The aim of this study was to compare the effects of IL–4, IL–12 and IFN–γ on the production of T helper–1 (Th1) and T helper–2 (Th2)–type cytokines from human peripheral blood 'naive' CD45RA and 'memory' CD45RO CD4 T cells. CD45RA or CD45RO CD4 T cells were cultured for 4 days with phorbol myristate acetate (PMA) and ionomycin and either IL–4, IFN–γ or IL–12 and their ability to proliferate and secrete IFN–γ and IL–4 determined. Purified CD45RO CD4 T cells stimulated with PMA and ionomycin secreted higher levels of IL–4 and IFN–γ, as measured by ELISA, than CD45RA CD4 T cells which secreted little IL–4 or IFN–γ. However, CD45RA and CD45RO CD4 T cells proliferated to the same extent and IL–4, IFN–γ and IL–12 had no effect on this.
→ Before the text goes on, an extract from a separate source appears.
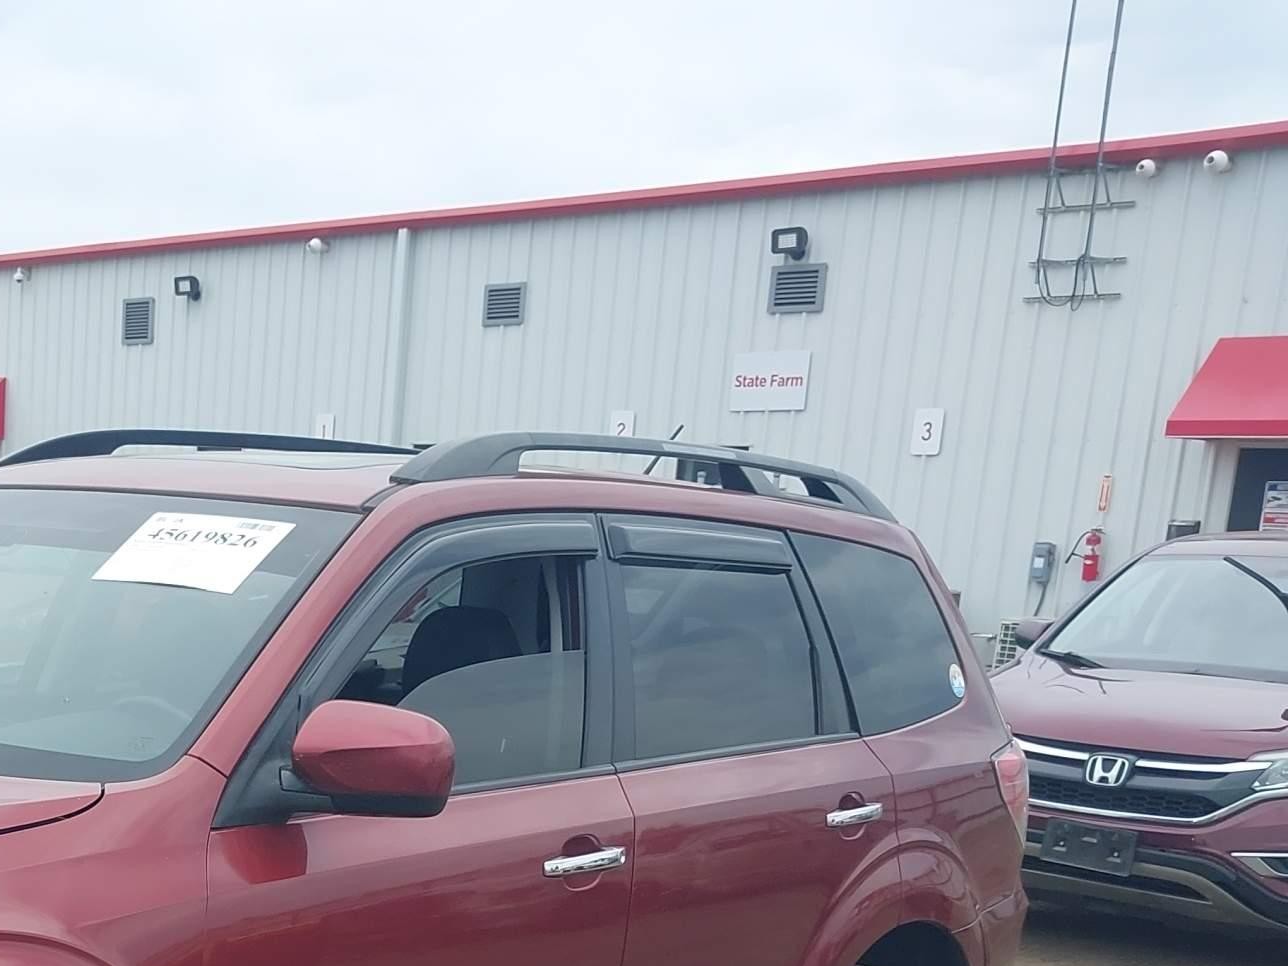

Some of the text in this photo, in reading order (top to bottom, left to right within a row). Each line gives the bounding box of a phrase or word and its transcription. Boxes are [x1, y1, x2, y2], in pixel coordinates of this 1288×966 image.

IL–12 and IFN–γ had no effect on the amount of IL–4 secreted by PMA and ionomycin–stimulated CD45RO CD4 T cells, but culture with IL–4 enhanced IL–4 production 7–fold. IL–12 increased the amount of IFN–γ produced by CD45RO CD4 T cells 2– to 3–fold. Small amounts of IFN–γ production were induced in CD4 CD45RA T cells by IL–12 and IFN–γ. These results indicate: (1) that CD45RA cells cannot make significant amounts of IL–4 under the conditions used, (2) that CD45RO cells can produce both Th1 and Th2 cytokines immediately upon restimulation, (3) that IL–12 favours Th1 cytokine production in both CD45RA and CD45RO CD4 T cells, and (4) that IFN–γ favours IFN–γ production in CD45RA but not CD45RO cells.